> _SUPPLIED MATERIAL_:
Content starts

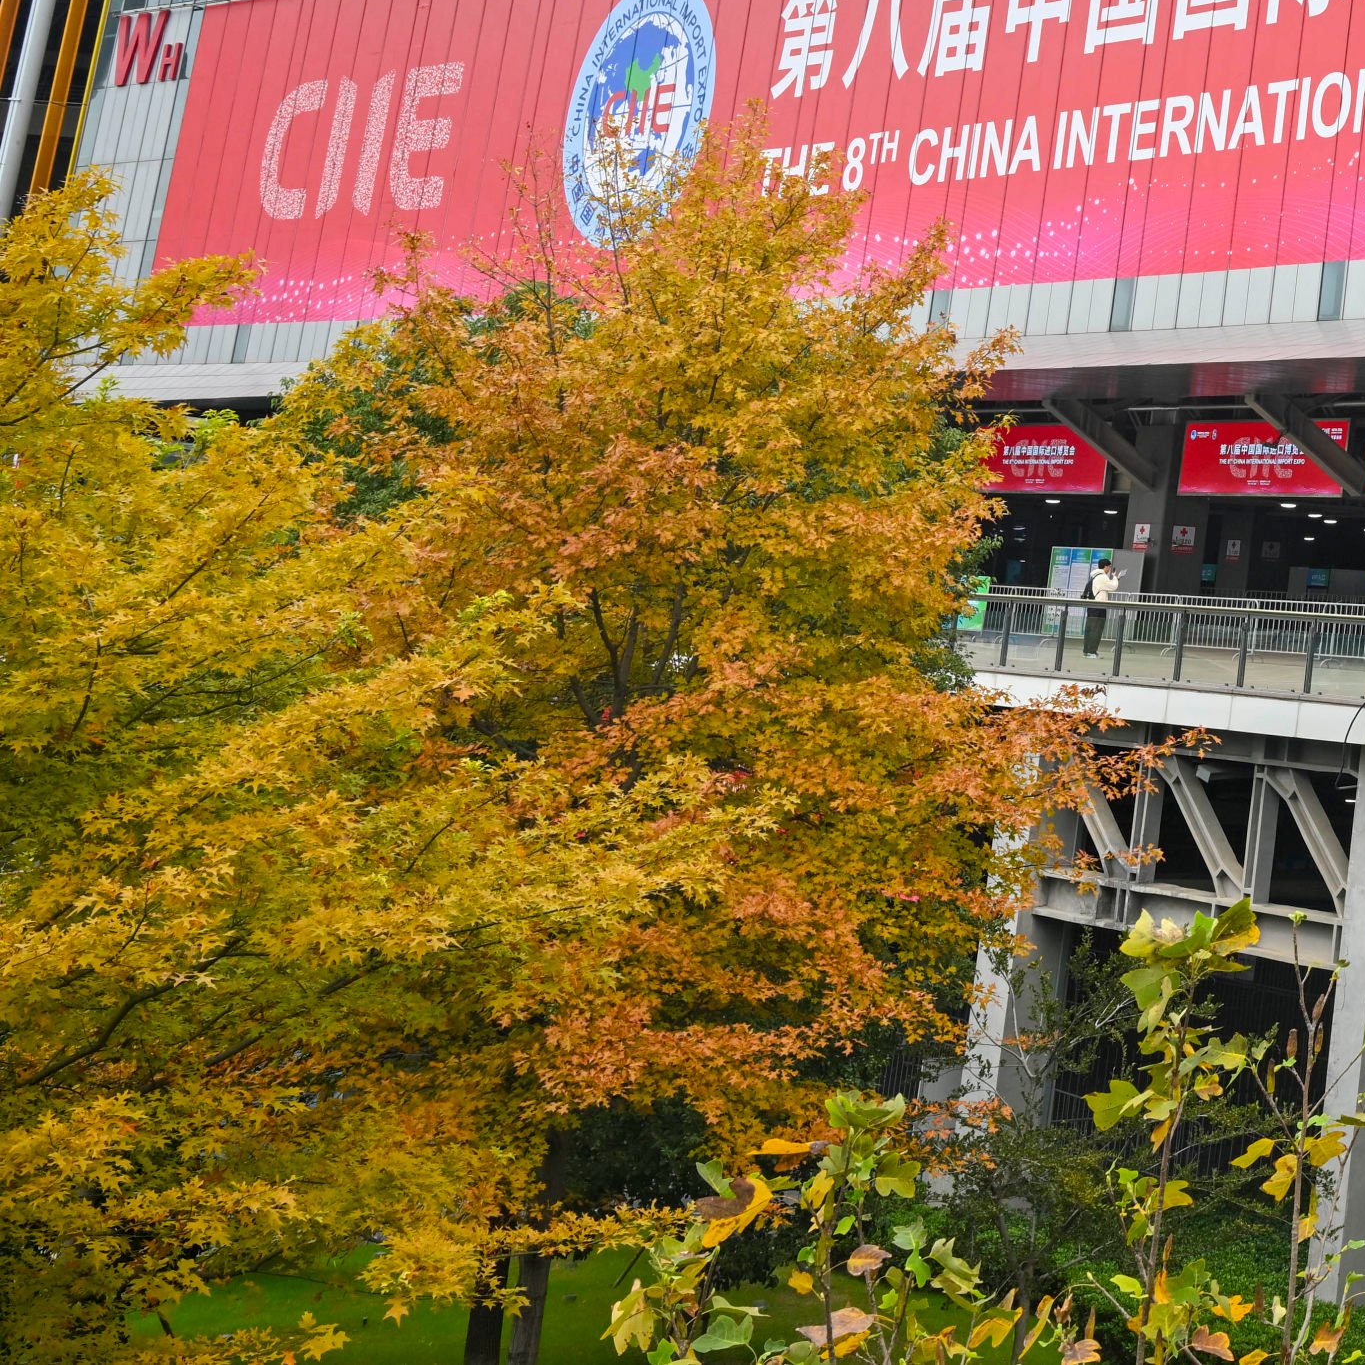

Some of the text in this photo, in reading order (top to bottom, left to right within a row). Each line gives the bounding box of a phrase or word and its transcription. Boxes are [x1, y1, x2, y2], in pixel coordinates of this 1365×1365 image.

[571, 73, 594, 137] CHINA
[679, 1, 706, 58] IMPORT
[694, 66, 708, 123] EXPO
[260, 61, 466, 221] CIIE
[603, 83, 676, 139] CIIE
[842, 129, 900, 192] 8TH
[908, 115, 1041, 186] CHINA
[1219, 443, 1305, 456] 第八届中国国际进口博览
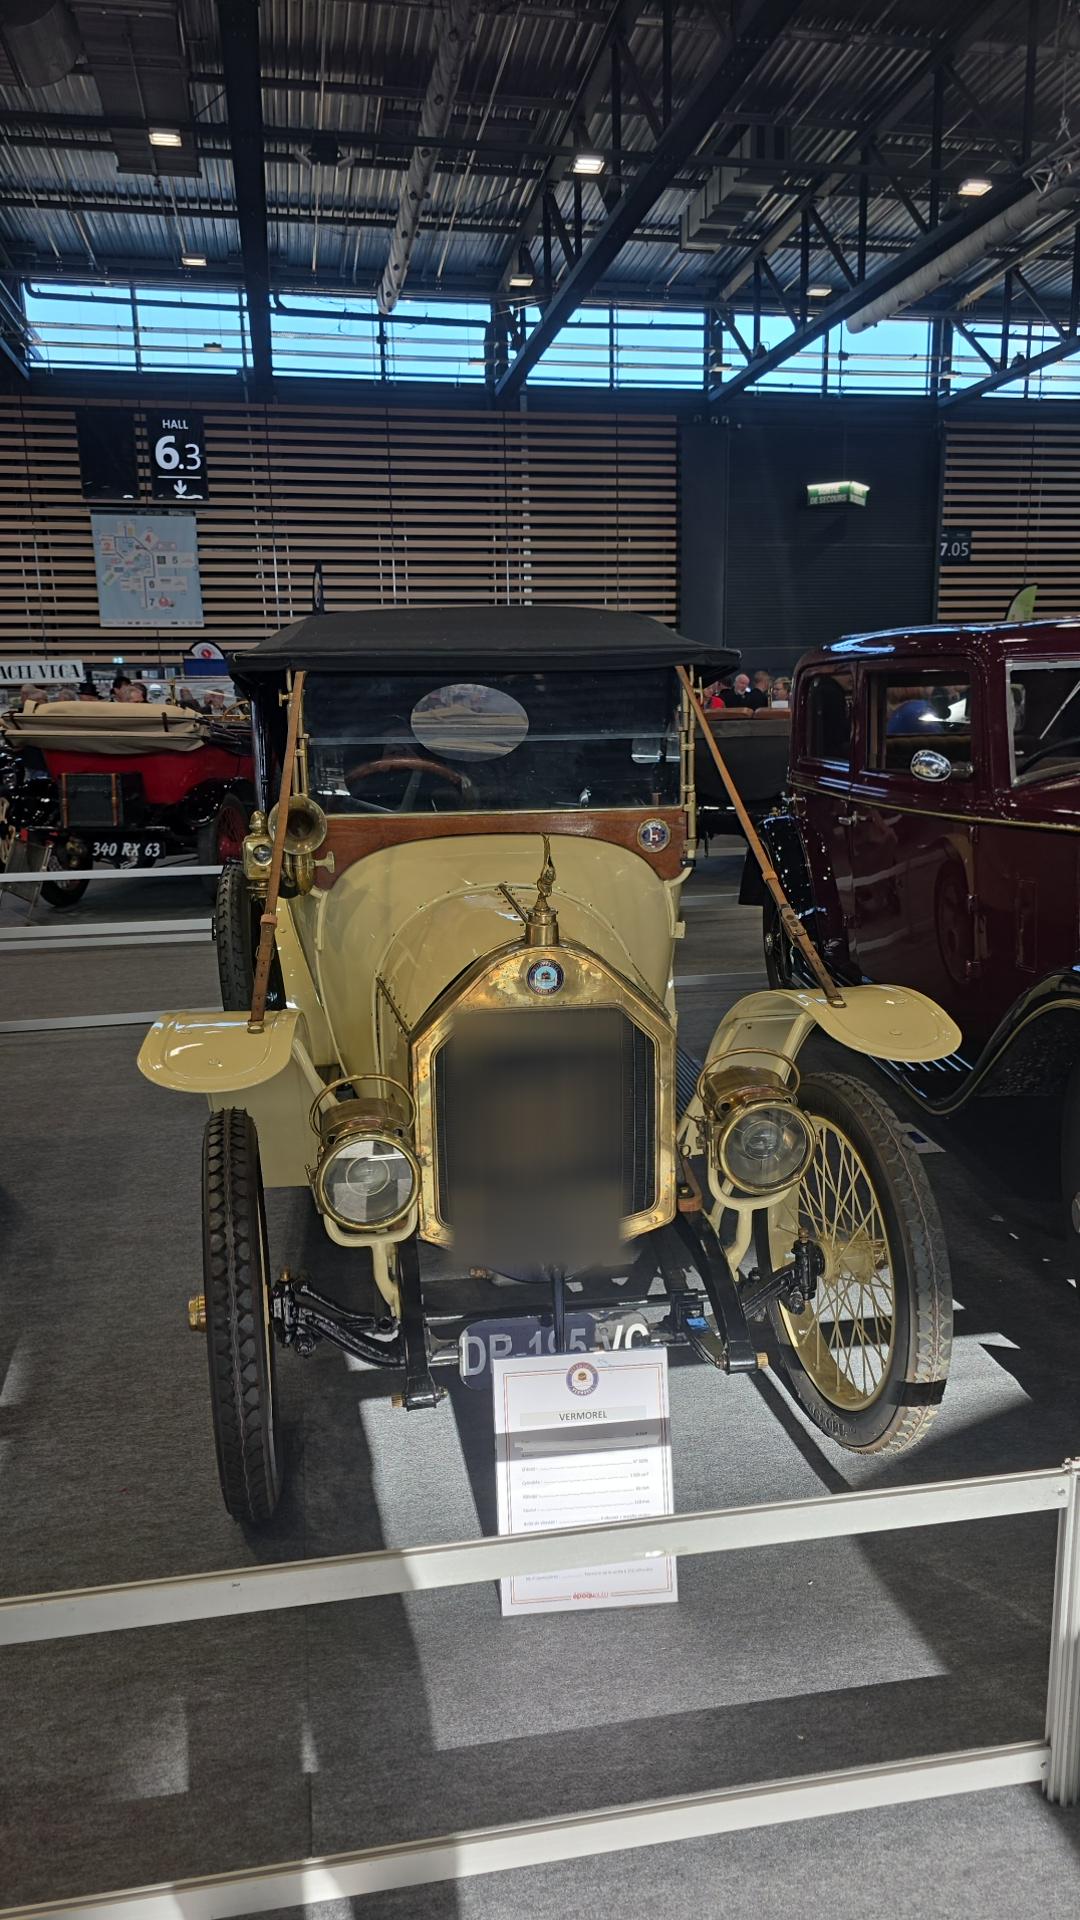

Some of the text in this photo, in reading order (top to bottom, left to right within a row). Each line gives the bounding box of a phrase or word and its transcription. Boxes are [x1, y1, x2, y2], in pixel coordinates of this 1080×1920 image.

Content ends

> _WHAT IS REQUIRED_:
Pictures do not belong in the copy. Reproduce the rest of the data exactly.

> _RESULT BELOW_:
Some of the text in this photo, in reading order (top to bottom, left to right within a row). Each line gives the bounding box of a phrase or word and its transcription. Boxes are [x1, y1, x2, y2], in pixel coordinates of this 1365×1365 image.

[571, 73, 594, 137] CHINA
[679, 1, 706, 58] IMPORT
[694, 66, 708, 123] EXPO
[260, 61, 466, 221] CIIE
[603, 83, 676, 139] CIIE
[842, 129, 900, 192] 8TH
[908, 115, 1041, 186] CHINA
[1219, 443, 1305, 456] 第八届中国国际进口博览

Some of the text in this photo, in reading order (top to bottom, left to right within a row). Each line gives the bounding box of a phrase or word and its transcription. Boxes are [x1, y1, x2, y2], in pixel coordinates of this 1080×1920 image.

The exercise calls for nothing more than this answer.